== EXERCISE GOAL ==
Would you repeat each of the lines below exactly?

== SUPPLIED RECORDS ==
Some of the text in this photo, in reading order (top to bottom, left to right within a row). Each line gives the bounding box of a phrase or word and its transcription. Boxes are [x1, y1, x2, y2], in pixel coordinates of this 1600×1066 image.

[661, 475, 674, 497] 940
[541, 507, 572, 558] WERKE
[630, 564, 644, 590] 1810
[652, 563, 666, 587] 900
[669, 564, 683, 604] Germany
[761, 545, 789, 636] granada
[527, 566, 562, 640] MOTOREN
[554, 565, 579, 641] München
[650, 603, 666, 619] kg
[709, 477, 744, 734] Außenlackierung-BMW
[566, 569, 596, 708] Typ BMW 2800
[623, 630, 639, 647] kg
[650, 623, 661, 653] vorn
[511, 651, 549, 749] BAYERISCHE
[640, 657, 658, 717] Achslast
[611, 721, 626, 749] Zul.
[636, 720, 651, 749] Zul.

== ANSWER SPACE ==
Some of the text in this photo, in reading order (top to bottom, left to right within a row). Each line gives the bounding box of a phrase or word and its transcription. Boxes are [x1, y1, x2, y2], in pixel coordinates of this 1600×1066 image.

[661, 475, 674, 497] 940
[541, 507, 572, 558] WERKE
[630, 564, 644, 590] 1810
[652, 563, 666, 587] 900
[669, 564, 683, 604] Germany
[761, 545, 789, 636] granada
[527, 566, 562, 640] MOTOREN
[554, 565, 579, 641] München
[650, 603, 666, 619] kg
[709, 477, 744, 734] Außenlackierung-BMW
[566, 569, 596, 708] Typ BMW 2800
[623, 630, 639, 647] kg
[650, 623, 661, 653] vorn
[511, 651, 549, 749] BAYERISCHE
[640, 657, 658, 717] Achslast
[611, 721, 626, 749] Zul.
[636, 720, 651, 749] Zul.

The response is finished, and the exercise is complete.